Having read the material, return every line of it exactly.
┌─ INPUT RECORDS
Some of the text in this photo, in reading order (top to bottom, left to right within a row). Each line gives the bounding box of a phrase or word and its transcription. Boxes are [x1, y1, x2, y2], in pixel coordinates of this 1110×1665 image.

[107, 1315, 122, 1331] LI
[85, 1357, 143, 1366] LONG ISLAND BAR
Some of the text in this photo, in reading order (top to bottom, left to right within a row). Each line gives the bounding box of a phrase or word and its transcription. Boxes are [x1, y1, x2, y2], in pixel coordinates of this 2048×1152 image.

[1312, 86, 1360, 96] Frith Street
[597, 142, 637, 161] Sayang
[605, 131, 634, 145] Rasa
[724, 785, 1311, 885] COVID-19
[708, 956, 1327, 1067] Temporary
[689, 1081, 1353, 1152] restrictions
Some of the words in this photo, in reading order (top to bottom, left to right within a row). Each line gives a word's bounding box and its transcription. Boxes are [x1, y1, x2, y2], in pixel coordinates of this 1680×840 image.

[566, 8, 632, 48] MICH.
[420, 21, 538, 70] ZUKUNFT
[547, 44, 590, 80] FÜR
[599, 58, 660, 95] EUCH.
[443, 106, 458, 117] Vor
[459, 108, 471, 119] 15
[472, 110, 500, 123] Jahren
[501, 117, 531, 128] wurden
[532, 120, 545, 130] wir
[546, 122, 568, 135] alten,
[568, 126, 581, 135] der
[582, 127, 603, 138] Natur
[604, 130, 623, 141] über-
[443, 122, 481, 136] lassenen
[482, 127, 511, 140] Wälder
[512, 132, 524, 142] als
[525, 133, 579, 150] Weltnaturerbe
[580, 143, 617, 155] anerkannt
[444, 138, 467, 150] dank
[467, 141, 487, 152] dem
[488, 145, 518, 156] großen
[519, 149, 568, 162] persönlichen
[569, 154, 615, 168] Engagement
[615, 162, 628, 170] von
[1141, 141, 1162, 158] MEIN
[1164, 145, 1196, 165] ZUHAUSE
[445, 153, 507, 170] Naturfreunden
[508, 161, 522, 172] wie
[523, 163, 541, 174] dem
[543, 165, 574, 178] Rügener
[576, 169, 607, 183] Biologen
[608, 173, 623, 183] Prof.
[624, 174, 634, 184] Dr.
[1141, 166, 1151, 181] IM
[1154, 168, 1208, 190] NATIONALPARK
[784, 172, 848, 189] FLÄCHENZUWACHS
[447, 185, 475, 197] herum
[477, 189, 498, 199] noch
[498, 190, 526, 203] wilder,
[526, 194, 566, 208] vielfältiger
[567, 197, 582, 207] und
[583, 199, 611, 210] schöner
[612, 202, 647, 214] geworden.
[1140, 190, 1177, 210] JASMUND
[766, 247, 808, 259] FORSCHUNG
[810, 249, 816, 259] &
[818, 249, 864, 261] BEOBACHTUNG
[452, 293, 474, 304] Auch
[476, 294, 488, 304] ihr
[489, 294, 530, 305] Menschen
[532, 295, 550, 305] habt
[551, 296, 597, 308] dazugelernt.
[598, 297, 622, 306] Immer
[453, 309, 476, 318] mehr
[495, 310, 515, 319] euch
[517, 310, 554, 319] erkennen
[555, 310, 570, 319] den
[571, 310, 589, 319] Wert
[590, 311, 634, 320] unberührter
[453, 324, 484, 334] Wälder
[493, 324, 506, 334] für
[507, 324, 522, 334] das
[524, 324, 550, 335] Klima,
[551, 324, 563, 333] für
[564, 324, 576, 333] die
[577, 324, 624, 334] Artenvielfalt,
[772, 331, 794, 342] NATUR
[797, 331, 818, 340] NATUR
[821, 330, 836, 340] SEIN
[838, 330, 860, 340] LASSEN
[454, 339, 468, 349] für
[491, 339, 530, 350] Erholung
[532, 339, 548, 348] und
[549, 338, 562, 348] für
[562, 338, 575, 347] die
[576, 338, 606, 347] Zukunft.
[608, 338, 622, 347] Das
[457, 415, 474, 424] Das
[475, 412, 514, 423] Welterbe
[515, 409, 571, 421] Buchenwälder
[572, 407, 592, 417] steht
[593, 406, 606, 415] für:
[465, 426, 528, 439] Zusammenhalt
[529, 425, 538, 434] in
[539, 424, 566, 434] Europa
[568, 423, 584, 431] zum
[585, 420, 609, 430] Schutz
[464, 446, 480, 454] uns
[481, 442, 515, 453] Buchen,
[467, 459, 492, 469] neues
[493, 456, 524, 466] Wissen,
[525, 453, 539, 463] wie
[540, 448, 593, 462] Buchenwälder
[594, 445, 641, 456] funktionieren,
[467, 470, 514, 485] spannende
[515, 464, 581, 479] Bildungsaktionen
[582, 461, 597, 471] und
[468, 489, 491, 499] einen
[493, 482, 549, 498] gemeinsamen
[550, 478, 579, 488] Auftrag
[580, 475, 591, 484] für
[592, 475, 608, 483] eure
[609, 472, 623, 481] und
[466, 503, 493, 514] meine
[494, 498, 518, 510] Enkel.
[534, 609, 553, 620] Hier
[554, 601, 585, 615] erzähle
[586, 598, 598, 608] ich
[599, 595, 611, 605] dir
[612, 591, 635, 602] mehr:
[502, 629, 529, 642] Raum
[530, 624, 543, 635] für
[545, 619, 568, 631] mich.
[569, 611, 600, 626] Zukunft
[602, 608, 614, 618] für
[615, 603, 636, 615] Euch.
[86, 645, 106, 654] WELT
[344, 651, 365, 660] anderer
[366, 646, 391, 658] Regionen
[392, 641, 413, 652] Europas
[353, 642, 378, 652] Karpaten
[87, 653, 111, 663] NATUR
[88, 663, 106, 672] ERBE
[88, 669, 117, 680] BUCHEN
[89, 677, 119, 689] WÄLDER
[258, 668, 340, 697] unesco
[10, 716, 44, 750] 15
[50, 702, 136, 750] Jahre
└─
> _ANSWER BOX_:
Some of the text in this photo, in reading order (top to bottom, left to right within a row). Each line gives the bounding box of a phrase or word and its transcription. Boxes are [x1, y1, x2, y2], in pixel coordinates of this 1110×1665 image.

[107, 1315, 122, 1331] LI
[85, 1357, 143, 1366] LONG ISLAND BAR
Some of the text in this photo, in reading order (top to bottom, left to right within a row). Each line gives the bounding box of a phrase or word and its transcription. Boxes are [x1, y1, x2, y2], in pixel coordinates of this 2048×1152 image.

[1312, 86, 1360, 96] Frith Street
[597, 142, 637, 161] Sayang
[605, 131, 634, 145] Rasa
[724, 785, 1311, 885] COVID-19
[708, 956, 1327, 1067] Temporary
[689, 1081, 1353, 1152] restrictions
Some of the words in this photo, in reading order (top to bottom, left to right within a row). Each line gives a word's bounding box and its transcription. Boxes are [x1, y1, x2, y2], in pixel coordinates of this 1680×840 image.

[566, 8, 632, 48] MICH.
[420, 21, 538, 70] ZUKUNFT
[547, 44, 590, 80] FÜR
[599, 58, 660, 95] EUCH.
[443, 106, 458, 117] Vor
[459, 108, 471, 119] 15
[472, 110, 500, 123] Jahren
[501, 117, 531, 128] wurden
[532, 120, 545, 130] wir
[546, 122, 568, 135] alten,
[568, 126, 581, 135] der
[582, 127, 603, 138] Natur
[604, 130, 623, 141] über-
[443, 122, 481, 136] lassenen
[482, 127, 511, 140] Wälder
[512, 132, 524, 142] als
[525, 133, 579, 150] Weltnaturerbe
[580, 143, 617, 155] anerkannt
[444, 138, 467, 150] dank
[467, 141, 487, 152] dem
[488, 145, 518, 156] großen
[519, 149, 568, 162] persönlichen
[569, 154, 615, 168] Engagement
[615, 162, 628, 170] von
[1141, 141, 1162, 158] MEIN
[1164, 145, 1196, 165] ZUHAUSE
[445, 153, 507, 170] Naturfreunden
[508, 161, 522, 172] wie
[523, 163, 541, 174] dem
[543, 165, 574, 178] Rügener
[576, 169, 607, 183] Biologen
[608, 173, 623, 183] Prof.
[624, 174, 634, 184] Dr.
[1141, 166, 1151, 181] IM
[1154, 168, 1208, 190] NATIONALPARK
[784, 172, 848, 189] FLÄCHENZUWACHS
[447, 185, 475, 197] herum
[477, 189, 498, 199] noch
[498, 190, 526, 203] wilder,
[526, 194, 566, 208] vielfältiger
[567, 197, 582, 207] und
[583, 199, 611, 210] schöner
[612, 202, 647, 214] geworden.
[1140, 190, 1177, 210] JASMUND
[766, 247, 808, 259] FORSCHUNG
[810, 249, 816, 259] &
[818, 249, 864, 261] BEOBACHTUNG
[452, 293, 474, 304] Auch
[476, 294, 488, 304] ihr
[489, 294, 530, 305] Menschen
[532, 295, 550, 305] habt
[551, 296, 597, 308] dazugelernt.
[598, 297, 622, 306] Immer
[453, 309, 476, 318] mehr
[495, 310, 515, 319] euch
[517, 310, 554, 319] erkennen
[555, 310, 570, 319] den
[571, 310, 589, 319] Wert
[590, 311, 634, 320] unberührter
[453, 324, 484, 334] Wälder
[493, 324, 506, 334] für
[507, 324, 522, 334] das
[524, 324, 550, 335] Klima,
[551, 324, 563, 333] für
[564, 324, 576, 333] die
[577, 324, 624, 334] Artenvielfalt,
[772, 331, 794, 342] NATUR
[797, 331, 818, 340] NATUR
[821, 330, 836, 340] SEIN
[838, 330, 860, 340] LASSEN
[454, 339, 468, 349] für
[491, 339, 530, 350] Erholung
[532, 339, 548, 348] und
[549, 338, 562, 348] für
[562, 338, 575, 347] die
[576, 338, 606, 347] Zukunft.
[608, 338, 622, 347] Das
[457, 415, 474, 424] Das
[475, 412, 514, 423] Welterbe
[515, 409, 571, 421] Buchenwälder
[572, 407, 592, 417] steht
[593, 406, 606, 415] für:
[465, 426, 528, 439] Zusammenhalt
[529, 425, 538, 434] in
[539, 424, 566, 434] Europa
[568, 423, 584, 431] zum
[585, 420, 609, 430] Schutz
[464, 446, 480, 454] uns
[481, 442, 515, 453] Buchen,
[467, 459, 492, 469] neues
[493, 456, 524, 466] Wissen,
[525, 453, 539, 463] wie
[540, 448, 593, 462] Buchenwälder
[594, 445, 641, 456] funktionieren,
[467, 470, 514, 485] spannende
[515, 464, 581, 479] Bildungsaktionen
[582, 461, 597, 471] und
[468, 489, 491, 499] einen
[493, 482, 549, 498] gemeinsamen
[550, 478, 579, 488] Auftrag
[580, 475, 591, 484] für
[592, 475, 608, 483] eure
[609, 472, 623, 481] und
[466, 503, 493, 514] meine
[494, 498, 518, 510] Enkel.
[534, 609, 553, 620] Hier
[554, 601, 585, 615] erzähle
[586, 598, 598, 608] ich
[599, 595, 611, 605] dir
[612, 591, 635, 602] mehr:
[502, 629, 529, 642] Raum
[530, 624, 543, 635] für
[545, 619, 568, 631] mich.
[569, 611, 600, 626] Zukunft
[602, 608, 614, 618] für
[615, 603, 636, 615] Euch.
[86, 645, 106, 654] WELT
[344, 651, 365, 660] anderer
[366, 646, 391, 658] Regionen
[392, 641, 413, 652] Europas
[353, 642, 378, 652] Karpaten
[87, 653, 111, 663] NATUR
[88, 663, 106, 672] ERBE
[88, 669, 117, 680] BUCHEN
[89, 677, 119, 689] WÄLDER
[258, 668, 340, 697] unesco
[10, 716, 44, 750] 15
[50, 702, 136, 750] Jahre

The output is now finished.